8

1.8K 245 5
                                    

Tiga jam berkutat dengan pelajaran fisika dan akhirnya guru itu keluar dari kelas. Bukan hanya aku, melainkan semua siswa di sekolah ini sangat senang ketika bel istirahat berbunyi. Semuanya berbondong-bondong memasuki kantin sekolah yang sudah mulai ramai.

Untungnya Hani dan aku sempat membolos ketika pelajaran hampir selesai. Kami pintar kan?

"Sudah mengerjakan pr Bahasa Inggris?" tanyaku kepada Hani yang baru saja menusuk susu pisangnya. Ia menatapku dengan tatapan terkejut.

"Ada pr?!" tanyanya dengan terkejut.

"Halaman 63," jawabku dan melanjutkan makanku yang sempat tertunda.

Hani mengetuk-ngetuk jarinya ke meja makan. Kakinya bergetar. Sepertinya dia belum mengerjakan prnya.

"Halaman 63," katanya lirih. "Oh!" jerit Hani sambil menjentikan jarinya. "Aku sudah mengerjakannya! Kita kan mengerjakannya bersama, bodoh! Membuat panik saja."

Aku terkekeh. Salahku juga yang lupa kalau Hani mengerjakan prnya bersamaku.
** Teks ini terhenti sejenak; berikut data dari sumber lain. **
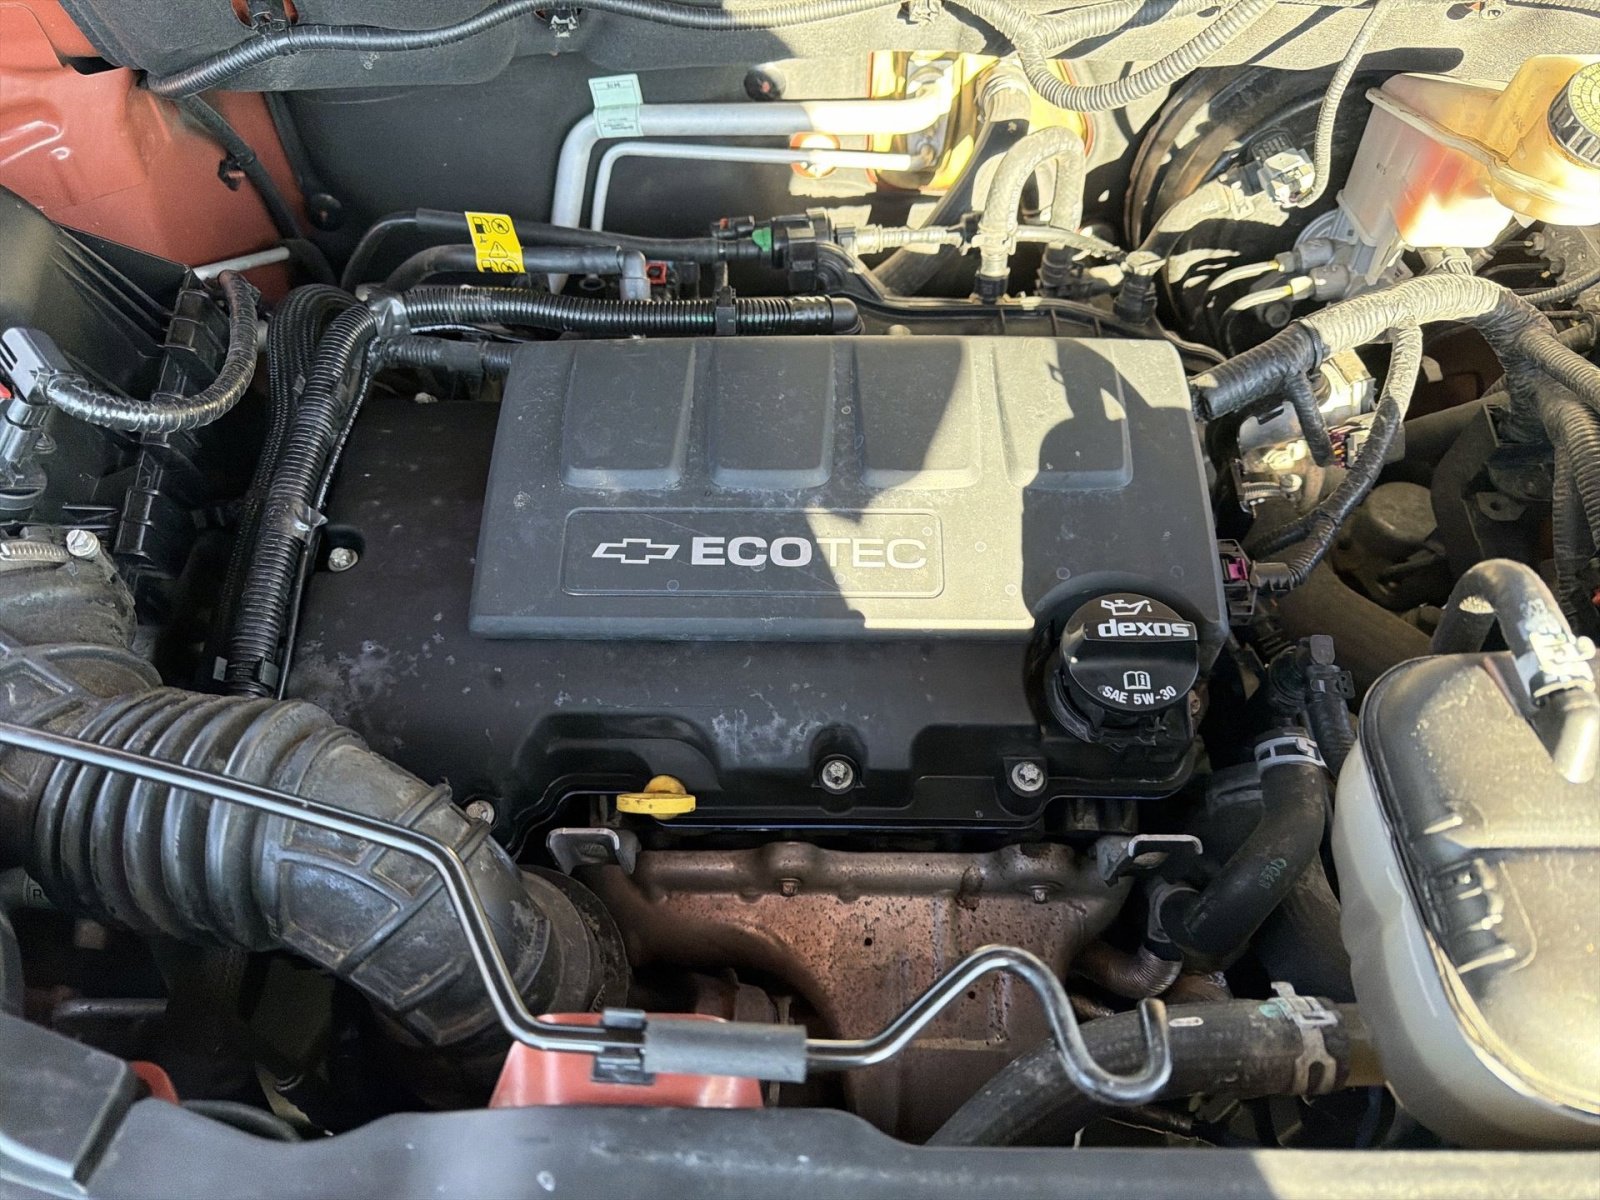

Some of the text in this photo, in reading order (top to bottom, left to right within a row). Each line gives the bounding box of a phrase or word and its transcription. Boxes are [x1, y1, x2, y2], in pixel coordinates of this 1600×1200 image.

[691, 536, 928, 569] ECOTEC
[1097, 618, 1192, 637] dexos
[1102, 685, 1177, 705] SAE 5W-30
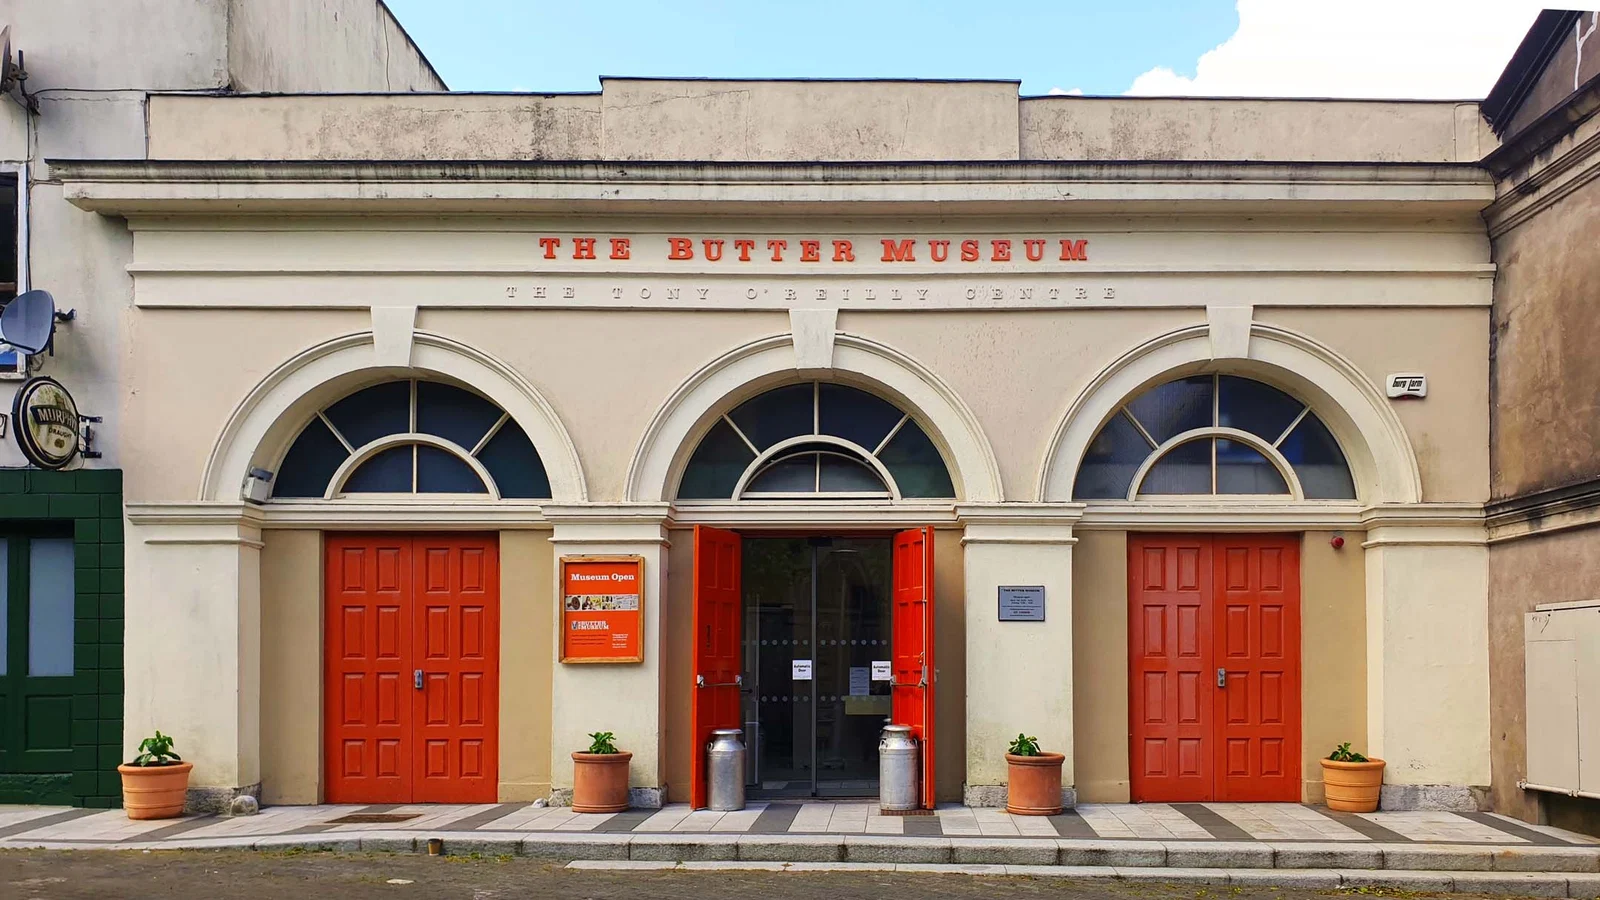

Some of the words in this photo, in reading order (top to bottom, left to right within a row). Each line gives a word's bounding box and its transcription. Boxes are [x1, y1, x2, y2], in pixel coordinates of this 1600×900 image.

[539, 237, 631, 260] THE
[667, 237, 856, 262] BUTTER
[880, 238, 1089, 262] MUSEUM
[506, 286, 575, 299] THE
[611, 287, 709, 300] TONY
[745, 287, 929, 301] O'REILLY
[965, 288, 1116, 301] CENTRE
[48, 427, 73, 439] DRAUGHT
[611, 573, 635, 582] Open
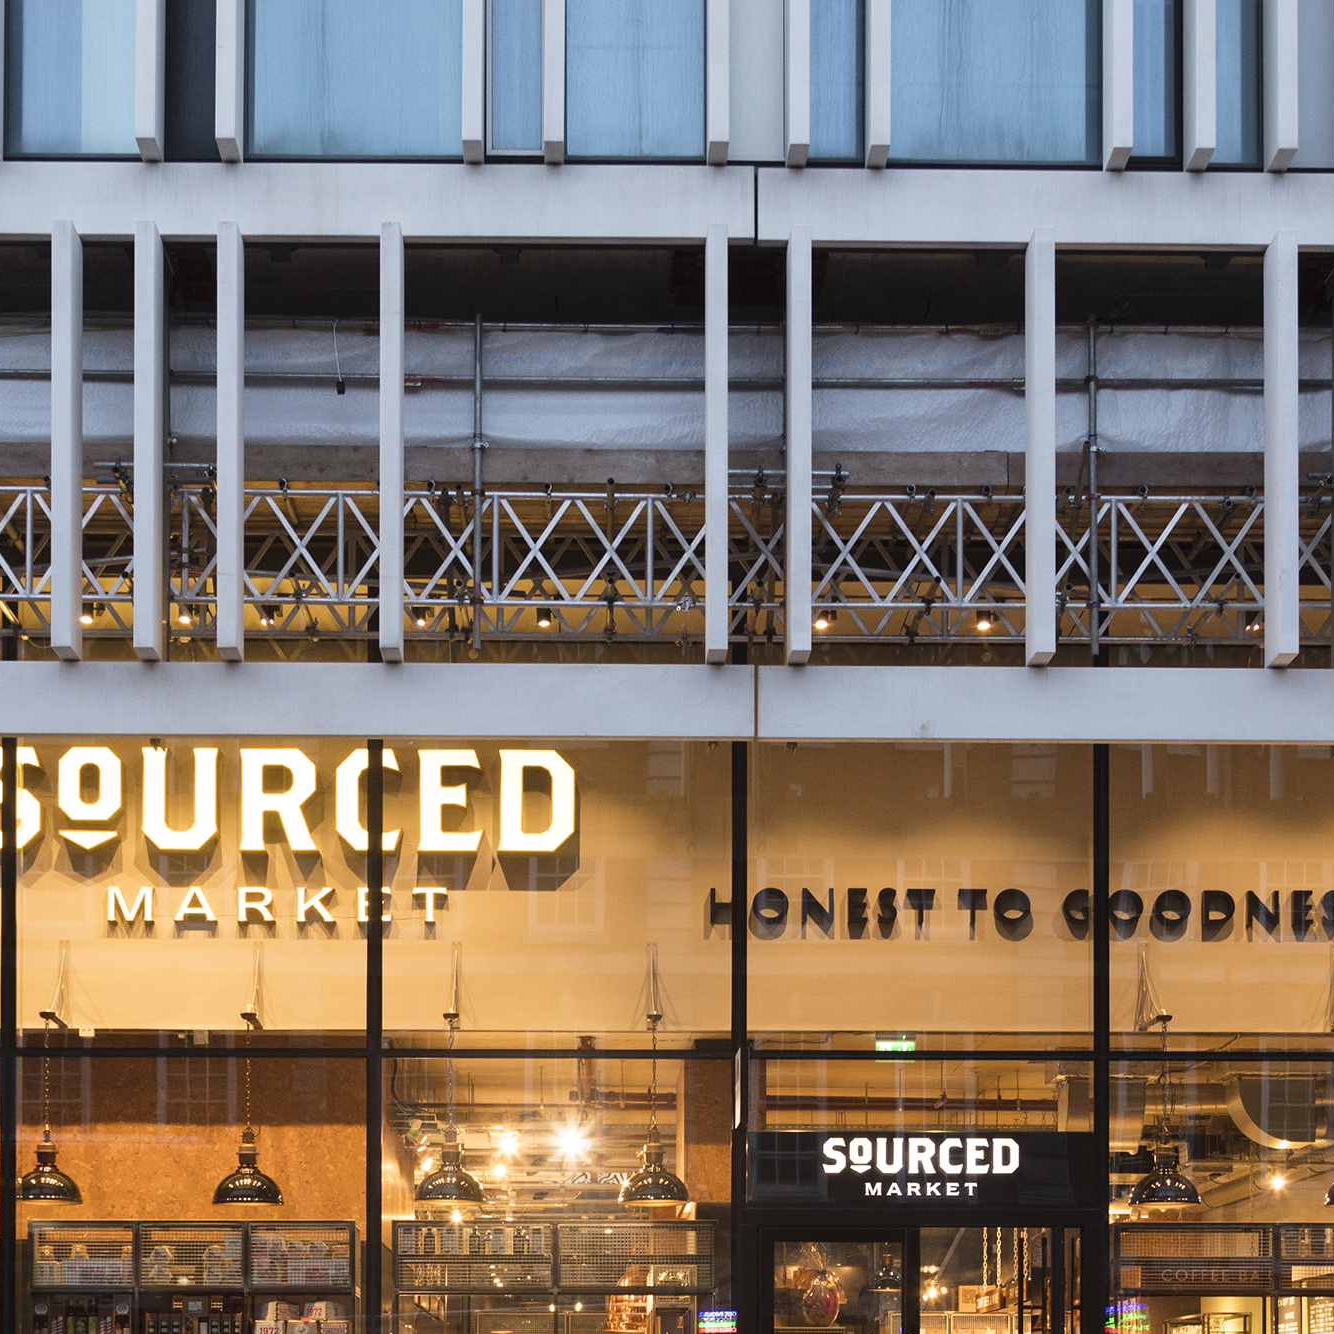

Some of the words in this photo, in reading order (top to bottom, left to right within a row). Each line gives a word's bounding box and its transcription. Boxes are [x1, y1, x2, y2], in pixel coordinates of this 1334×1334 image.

"Ehm... Wonwoo itu... digemari teman-temannya ya?" tanyaku. Hani mengangguk. "Juga teman perempuannya?"

Hani mengangguk lagi. "Kenapa?"

Aku menggeleng dan langsung menatap makanan di depanku.

"Ooh itu," kata Hani. Aku mengangkat kepalaku. "Wonwoo sedang bersama Seulgi Sunbaenim, iya kan?"

"A-ah? Tidak."

"Aku baru saja melihat ke belakang. Gak usah bohong deh."

Aku tertawa pelan kemudian aku menghembuskan napasku. Moodku berubah ketika melihat Wonwoo dan Seulgi sedang makan siang berdua. Sangat dekat. Seperti seorang kekasih.

"Aku mau tanya," izin Hani. "Bagaimana kalau Seulgi itu orang yang Wonwoo tunggu?"

Aku diam, tidak menjawab pertanyaan Hani. Jawaban terburuk sudah ada di otakku dan sesak sudah menyerang.

"Wonwoo, Seulgi, dan Chanyeol itu sudah berteman sejak SMP. Siapa yang sangka kalau Wonwoo dan Chanyeol menyukai Seulgi? Tidak ada hubungan apapun antara mereka---hanya sebatas sahabat dan masih berlanjut sampai sekarang.

"Tapi ya... Wonwoo itu lebih mementingkan kebahagiaan sahabatnya. Wonwoo membiarkan Chanyeol menjalin hubungan dengan Seulgi, sampai sekarang. Sepertinya ia butuh seseorang yang baru."

Jadi aku ini seorang pelarian?

***

Aku memutar tubuhku ketika Wonwoo menarik tanganku.

"Kau kenapa?" tanyanya. "Mau pulang bersama?"

Astaga. Senyumannya begitu manis.

Aku melepaskan genggaman tangannya. "Tidak mengajak Seulgi Sunbaenim saja?"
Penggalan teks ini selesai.